Neuschwanstein Castle



Neuschwanstein Castle, Germany
This is King Ludwig's magnificent and most famous castle, built in the neo-late romanesque style. With its turrets and mock-medievalism, its interior styles ranging from Byzantine through Romanesque to Gothic its a real fairy-tale fantasy come true. It was built between 1869 and 1886 for the king ludwig 2. A splendid and imaginative "fairy-tale castle" high above the Alpsee lake with the Alps towering above it.
Only about a third of the building was actually completed. The 15 rooms you see on the tour show astonishing craftsmanship and richness of detail. Woodcarving in Ludwig's bedroom took 14 carpenters 4 1/2 years to complete.

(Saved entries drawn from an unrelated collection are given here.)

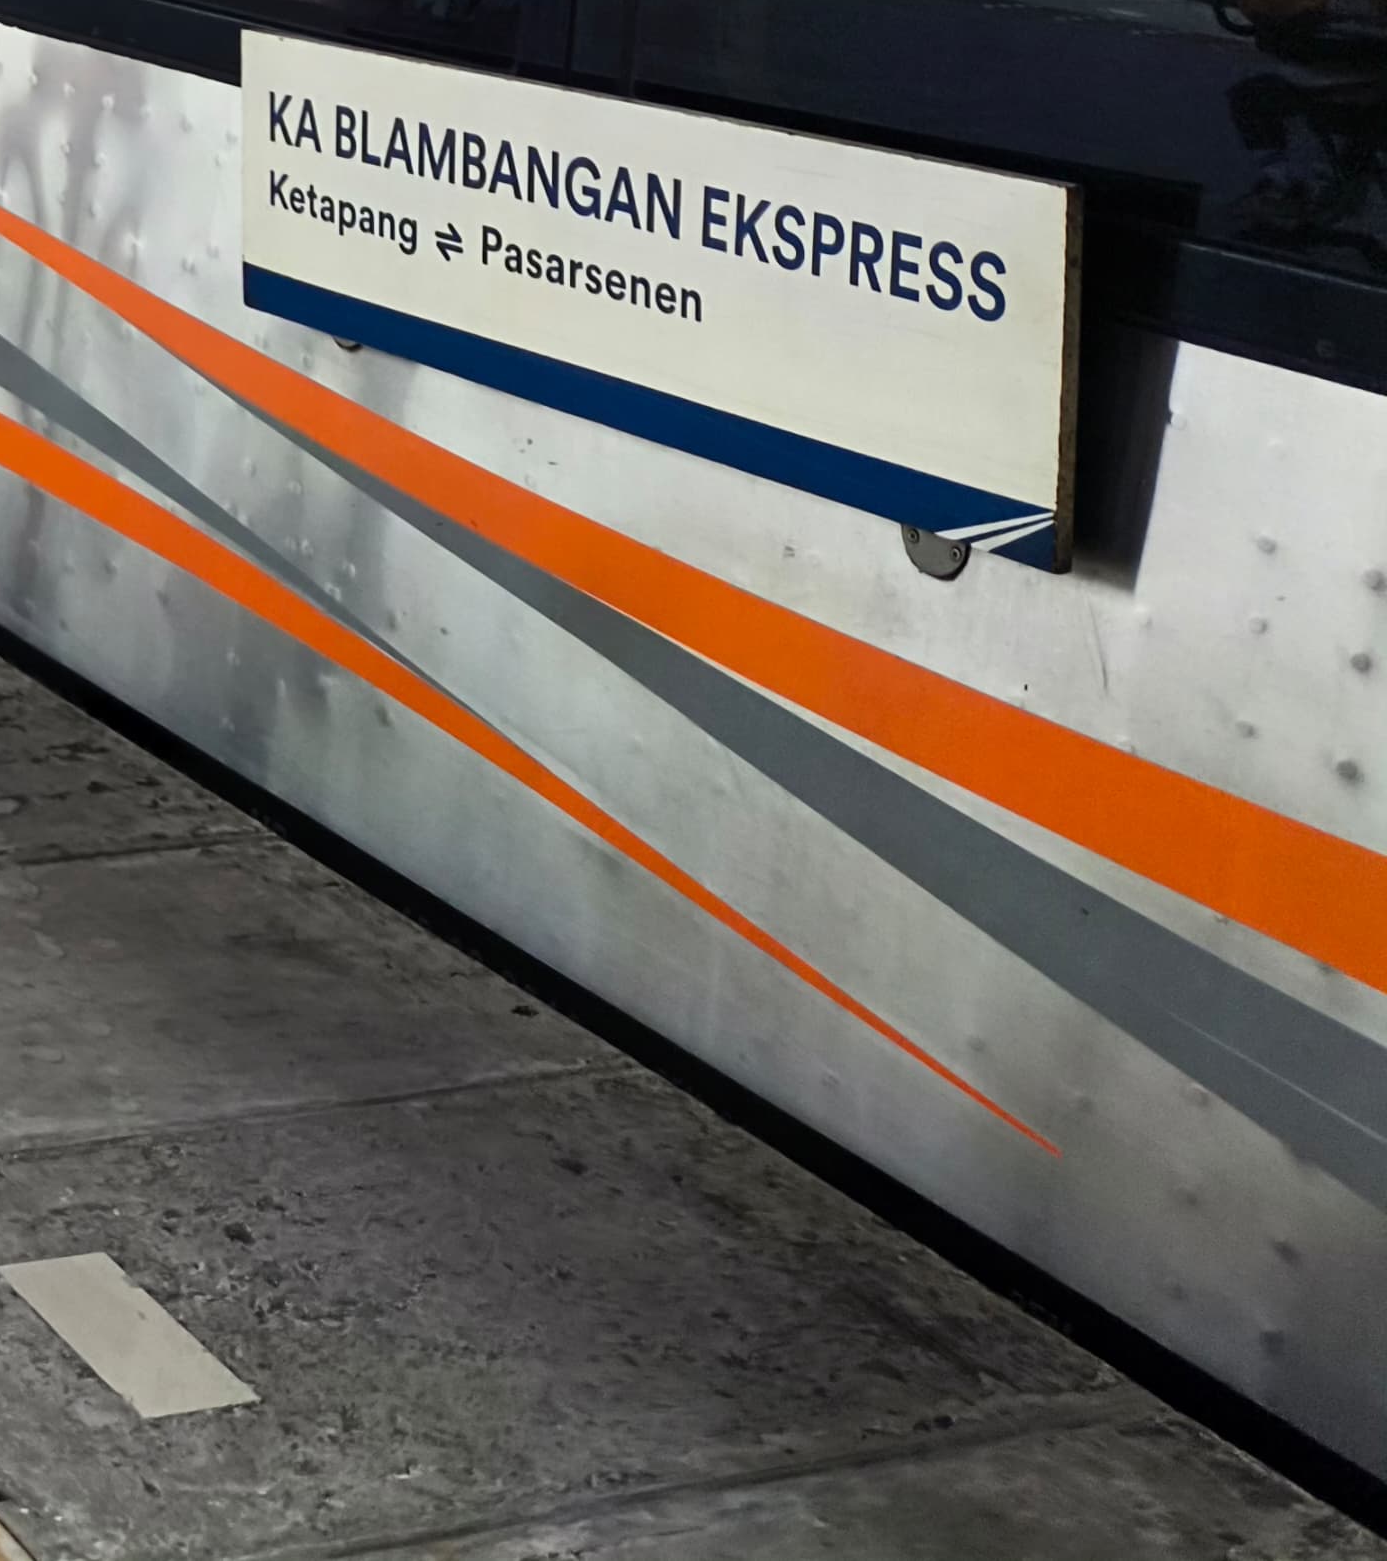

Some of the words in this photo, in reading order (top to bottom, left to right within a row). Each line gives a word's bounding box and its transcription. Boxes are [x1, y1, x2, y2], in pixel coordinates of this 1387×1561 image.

[269, 90, 323, 154] KA
[334, 104, 682, 240] BLAMBANGAN
[701, 185, 1007, 323] EKSPRESS
[269, 169, 418, 256] Ketapang
[481, 225, 702, 323] Pasarsenen
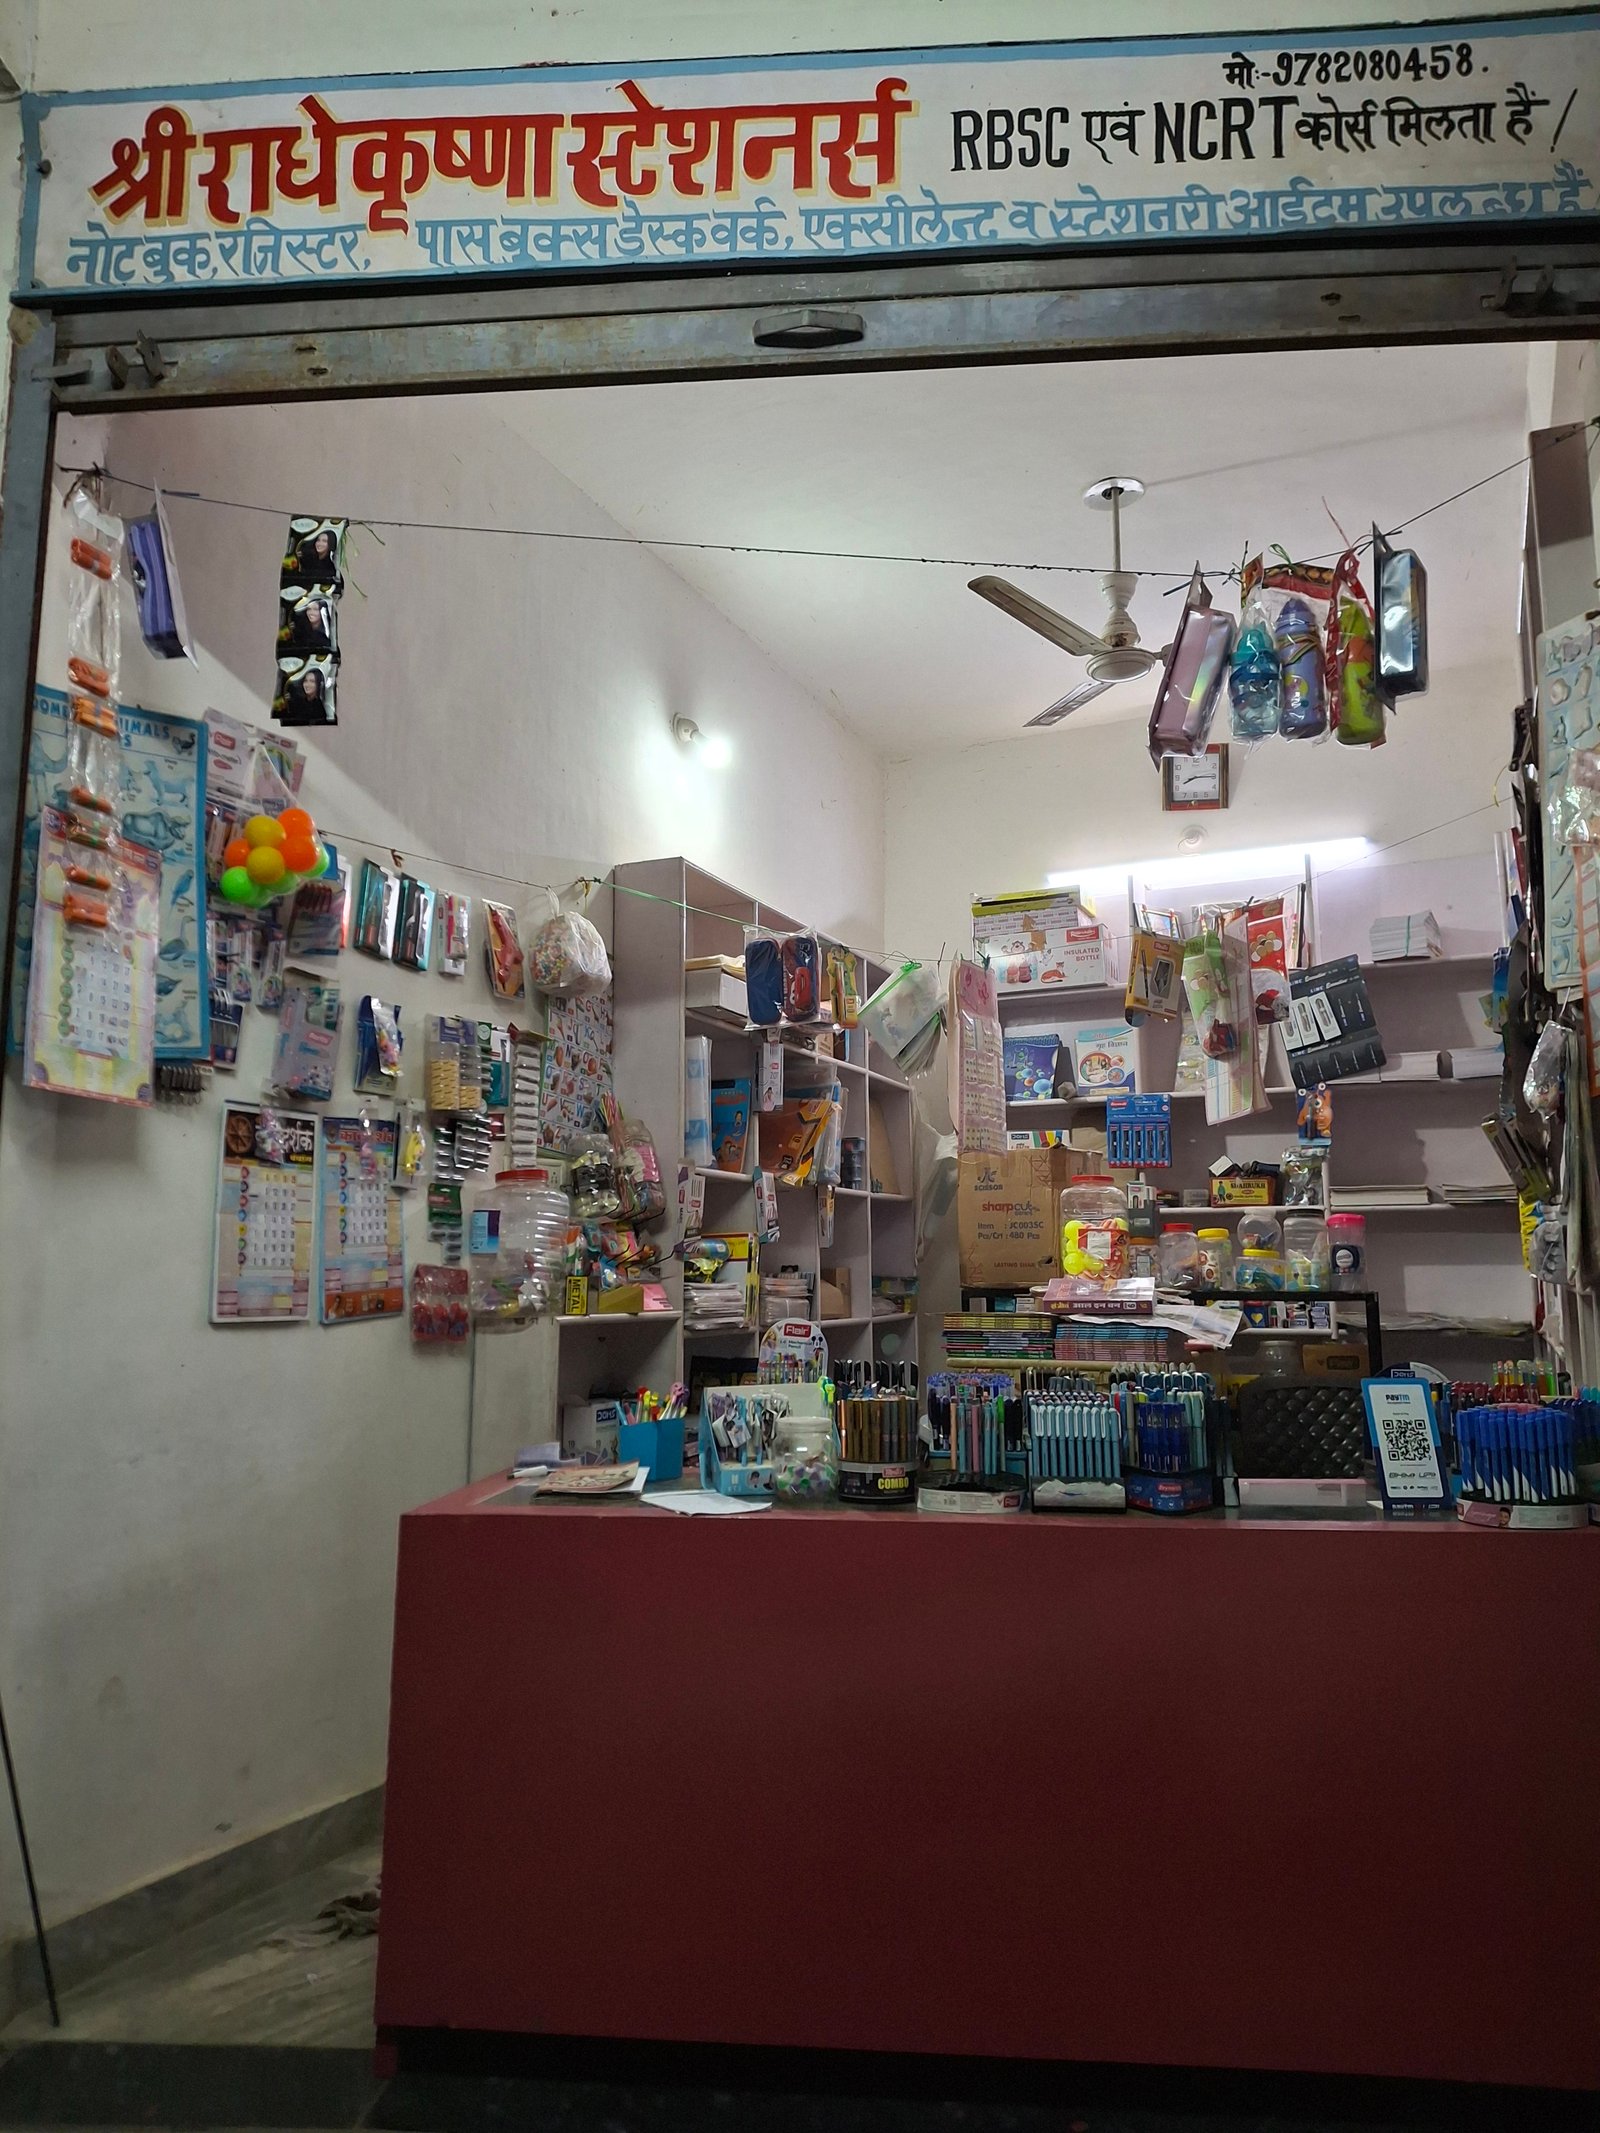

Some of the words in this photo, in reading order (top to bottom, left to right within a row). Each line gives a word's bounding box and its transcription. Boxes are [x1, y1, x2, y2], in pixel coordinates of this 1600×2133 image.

While the young King was studying the magnificent 11th cent. castle (the restoration of which had been completed that year), he first thought of building his own medieval castle. In the Wartburg he saw a castle that symbolised everything he loved and was obsessed by at that time - mountains, legend connected to Wagner's operas, and the middle ages. It was a castle that held more history and legend than his beloved Hohenschwangau, and he was determined to build, if not a replica of the Wartburg, then a castle of his own surpassing this one in beauty.


The Throne-Room was created as the Grail-Hall of Parsifal. It was designed in elaborate Byzantine style by Eduard Ille and Julius Hofmann. Inspired by the Hagia Sophia in Constantinople (now Istanbul), the 2-story Throne Room with its series of pillars of imitation porphyry and lapis lazuli, was completed in the year of the king's death, 1886.